MR. SCHUMACHER: Why is that?

MR. LARSON: Because we are scared of what the regulators might do six years from now.

MR. MITCHELL: I would just add to this discussion that Path 15 is regulated.  But there is another important distinction, and that is there is an independent system operator in California.  We were able to put the capacity for Path 15 into the ISO, and we’ve socialized the cost of Path 15 across the entire rate base in California.  If a new line is going to be built in an area where there a regional transmission organization or ISO and you have the ability to have the capacity factored into the planning process of the RTO, then it is a very different situation.
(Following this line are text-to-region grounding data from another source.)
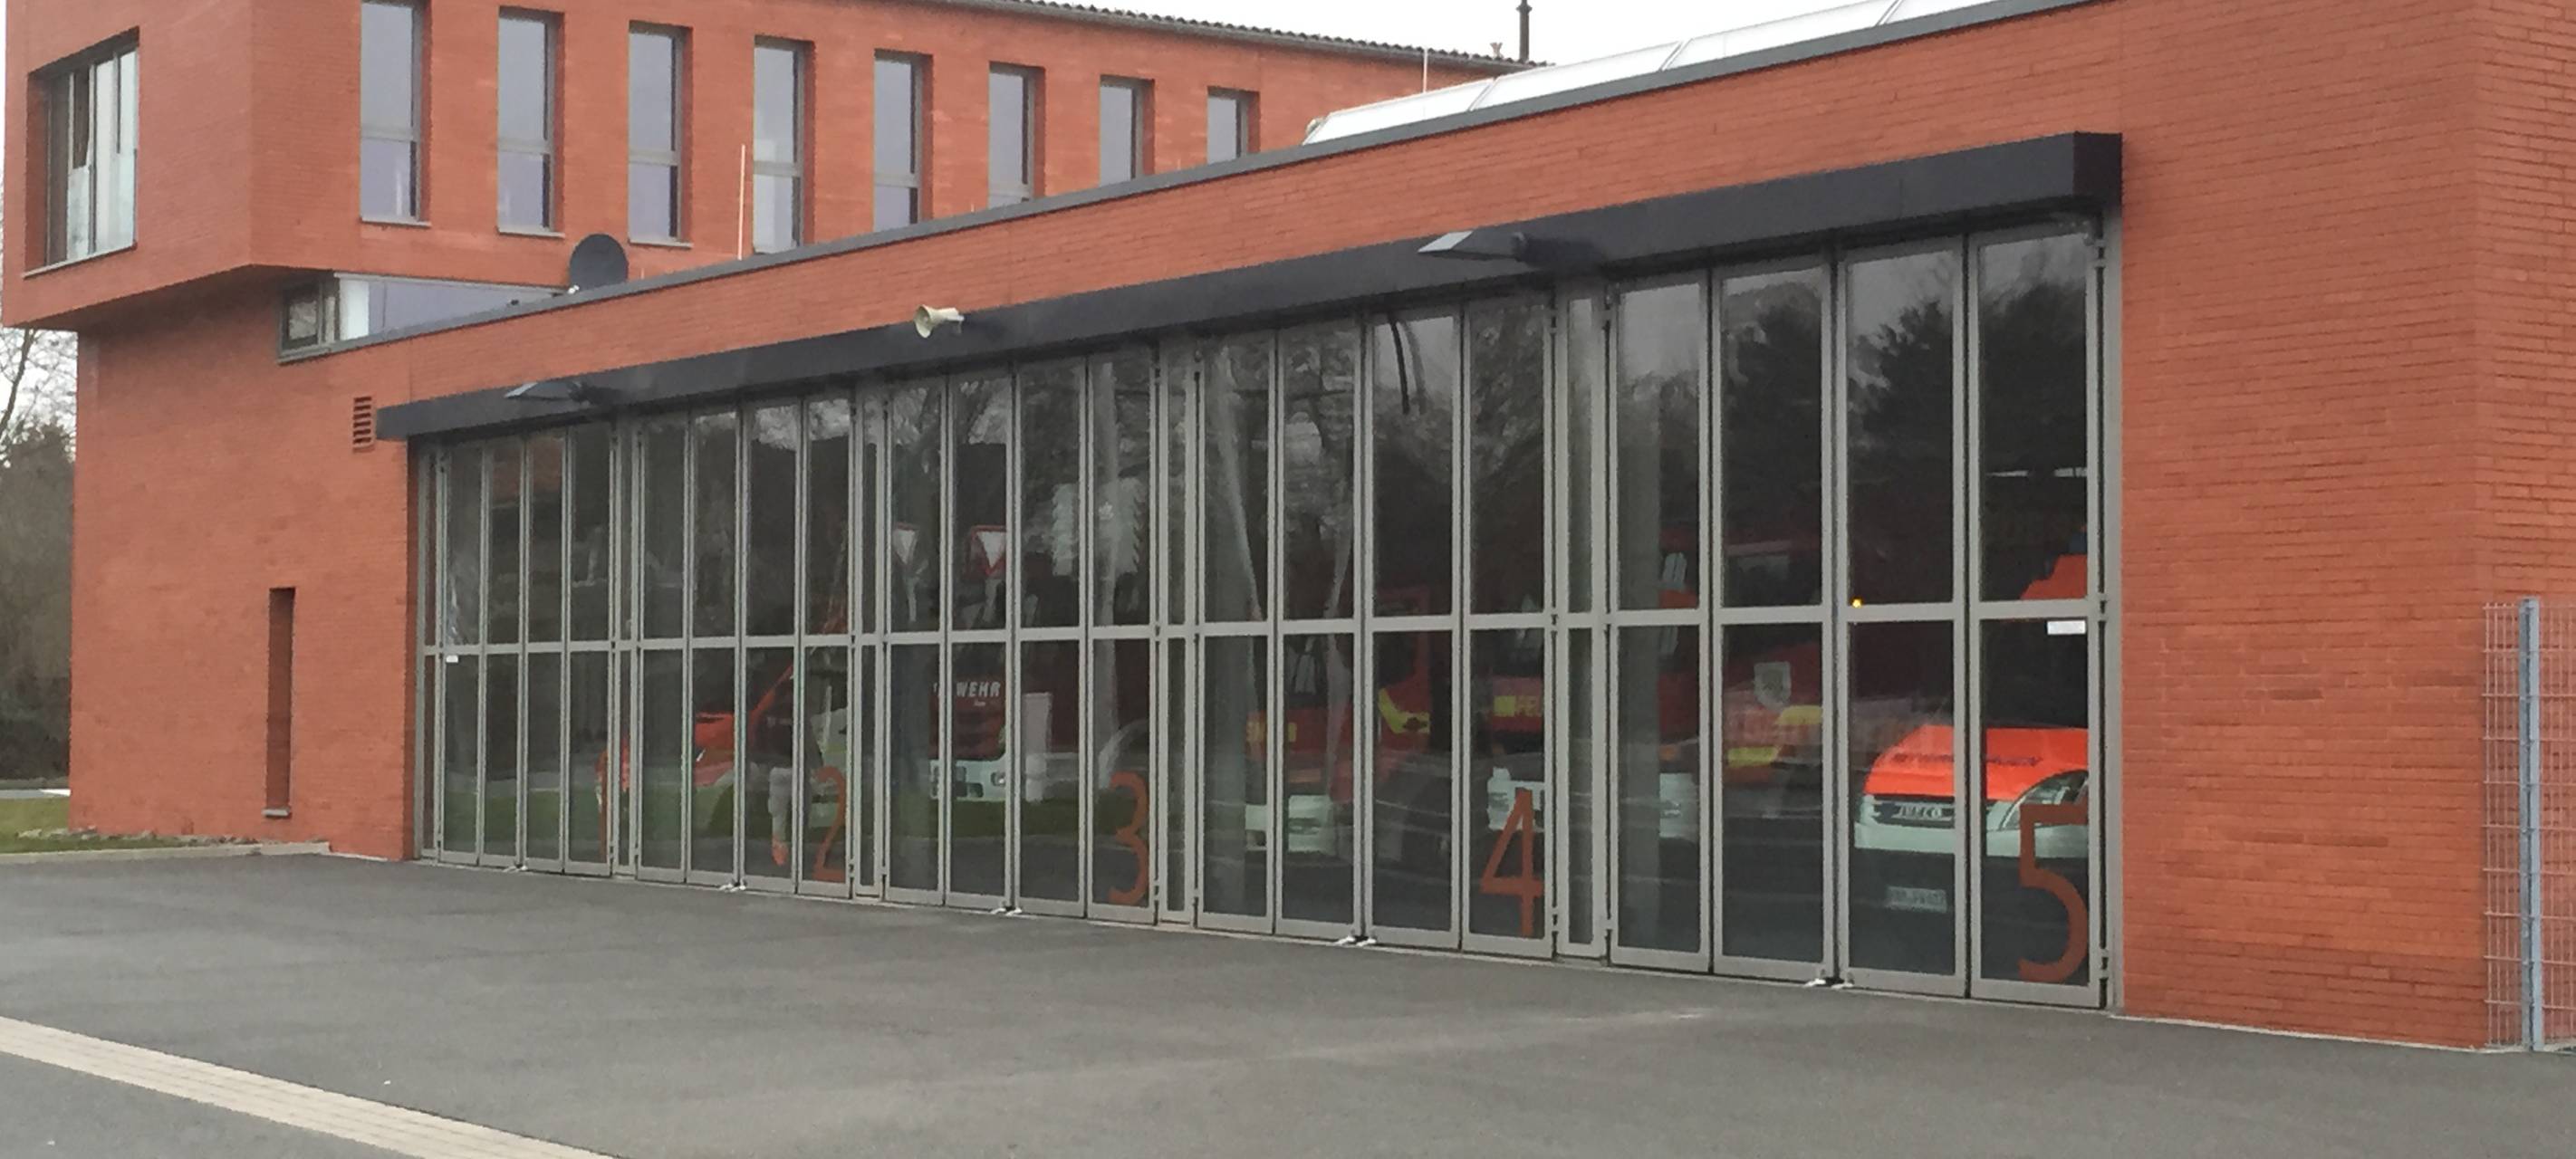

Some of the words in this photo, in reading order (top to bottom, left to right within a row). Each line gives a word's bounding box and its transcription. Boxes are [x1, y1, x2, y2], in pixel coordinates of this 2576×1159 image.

[812, 765, 847, 883] 2
[1108, 771, 1149, 906] 3
[1479, 787, 1545, 938] 4
[2018, 802, 2089, 983] 5
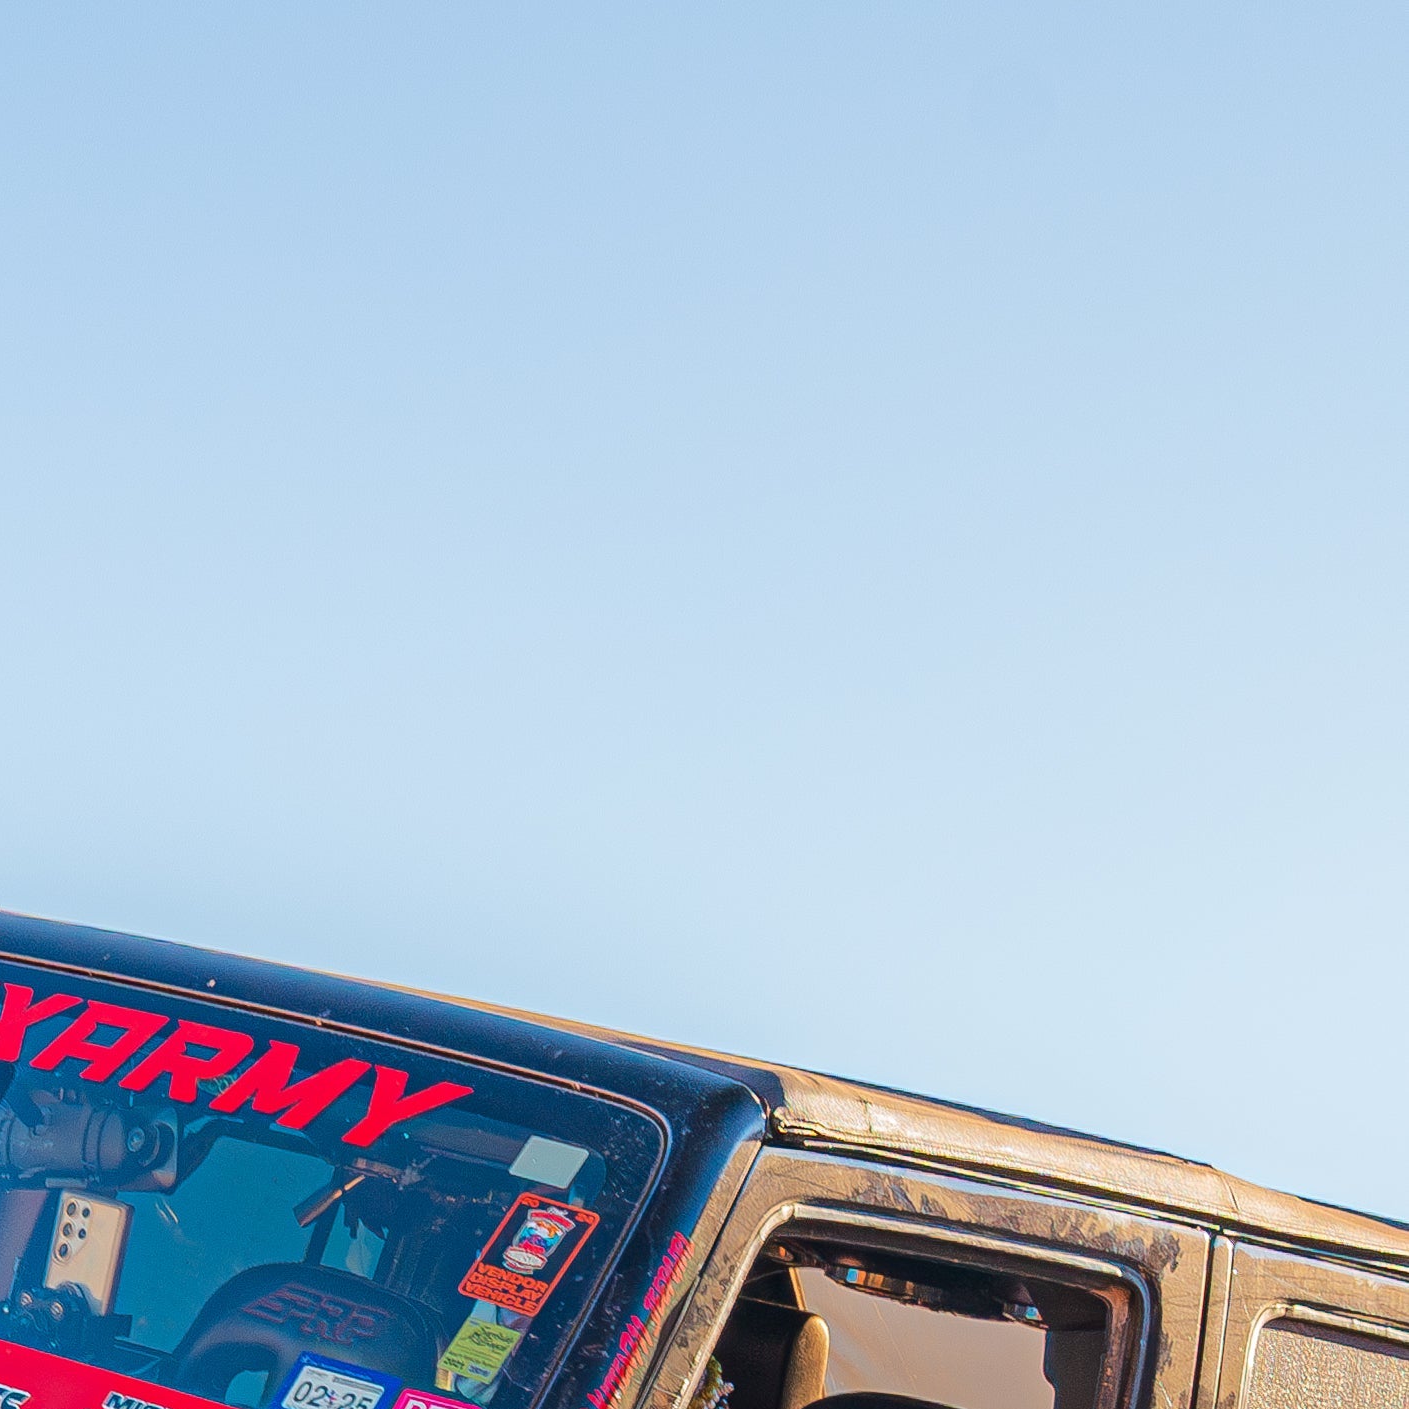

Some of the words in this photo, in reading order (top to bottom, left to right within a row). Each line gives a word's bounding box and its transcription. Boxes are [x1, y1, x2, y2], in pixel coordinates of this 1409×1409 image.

[468, 1272, 543, 1301] DISPLAY
[477, 1262, 550, 1292] VENDOR
[465, 1282, 540, 1311] VEHICLE
[293, 1380, 329, 1405] 02
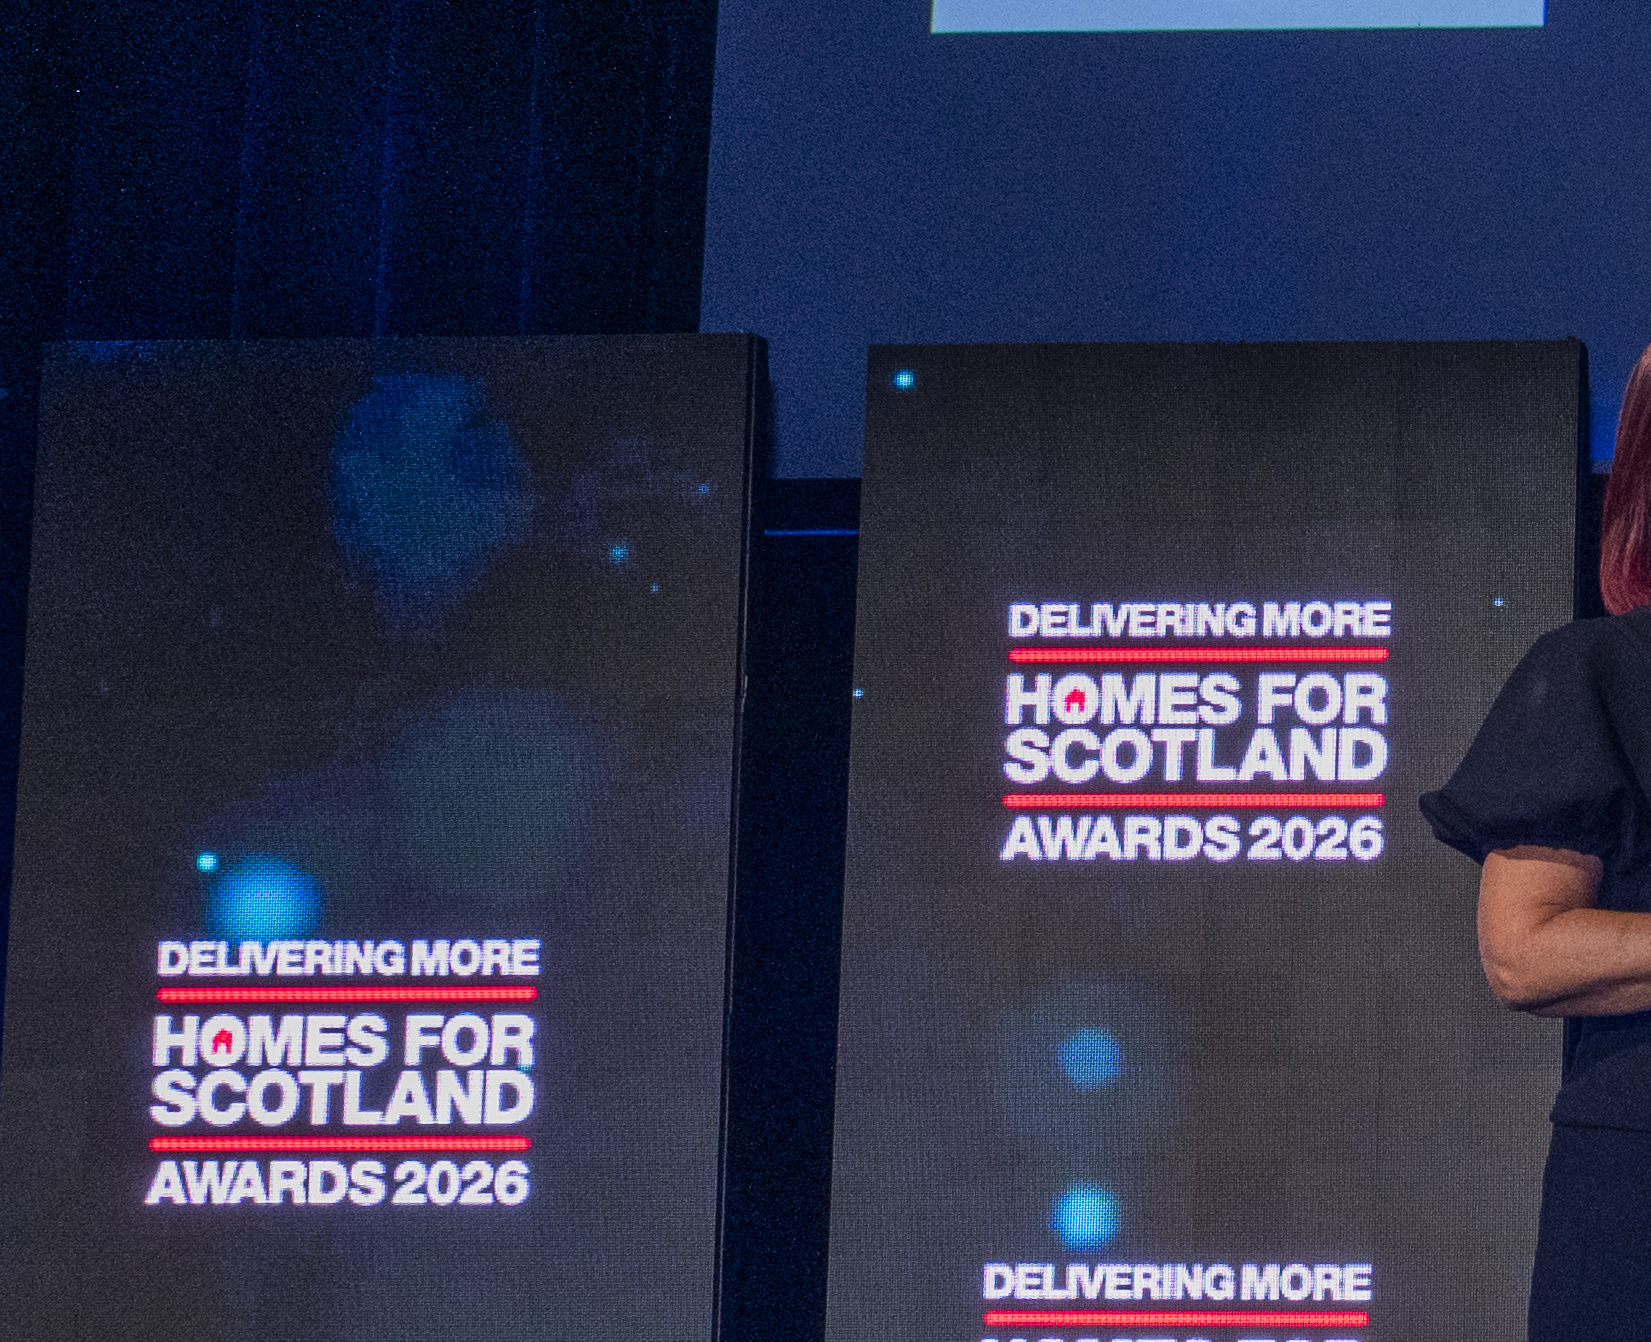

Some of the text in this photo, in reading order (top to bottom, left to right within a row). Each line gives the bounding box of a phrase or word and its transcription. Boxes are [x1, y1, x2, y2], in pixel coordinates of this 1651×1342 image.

[1008, 601, 1392, 638] DELIVERING MORE
[1005, 672, 1389, 726] HOMES FOR
[1003, 726, 1389, 784] SCOTLAND
[1000, 815, 1384, 862] AWARDS 2026
[157, 939, 542, 976] DELIVERING MORE
[153, 1012, 537, 1067] HOMES FOR
[149, 1068, 535, 1127] SCOTLAND
[144, 1159, 531, 1206] AWARDS 2026
[983, 1262, 1373, 1302] DELIVERING MORE
We are working to build a 480-mile line — approximately a $600 million project — called the Navajo transmission project.  It will cross three states.  There is no RTO in the southwest at this point.  I think there will be one there eventually.  We are facing all of the challenges that you articulated.  We will have to have some firm contracts in order to finance it.  If we don’t have such contracts, then it won’t be financeable.

MR. SCHUMACHER: Jon, there are certain advantages for independent generators in dealing with independent transmission providers versus dealing with public utilities.  Talk further about them.

MR. LARSON: The first one is we are willing to engineer or talk to you about whatever you feel you need to interconnect, assuming we can get it through the bidding process at the RTO.  We will also spend the money because the ratemaking mechanism in place for us is such that it means essentially that we will get a return on our investment.

There is another advantage we have over the incumbents.  Let’s be blunt about it.  When they spend the money, it means a rate increase for transmission service.  We need to be able to show that there is a positive benefit from the investment.  In the case of the International Transmission Company, we had a perfect example.  I can’t promise you will find something like this in every case, but we began to comb every single engineered project on the ITC’s books that had not been pursued.  We had people run the numbers on each of them in order to come up with an analysis of what the net benefit was in each case.  We identified one line that is basically a voltage rerating and on which we are spending $8 million to improve.  The net one-year benefit to the marketplace is $60 million.  Some of the $60 million will be captured by the power marketers, but ultimately much of it will find its way to the consumer.

That’s an investment that would have been irresponsible for Detroit Edison to have made.  It would have not served the best interest of the Detroit Edison shareholders.  It is not that the incumbent utilities are dragging their feet about investing in transmission when the RTO is trying to encourage them — although we are looking at one situation where a utility is dragging its feet and the RTO wants us to get involved.  It is not that the utilities are bad people.  They are serving the best interests of their shareholders.

The benefit of having an independent transmission company is the way we serve our shareholders is by prudently investing in transmission and frankly investing as much as we can, subject to the prudence review which means that we need to work out all the cost alternatives.

MR. WENNER: Let me ask one question about the prudence review.  One advantage of being in the transmission-only business is that both of you are subject only to FERC regulation and not to state regulation.  Are you able to go to FERC —

MR. LARSON: There are 23 committees that you have to clear before you make any investment greater than $5 million.  Twenty-three committees.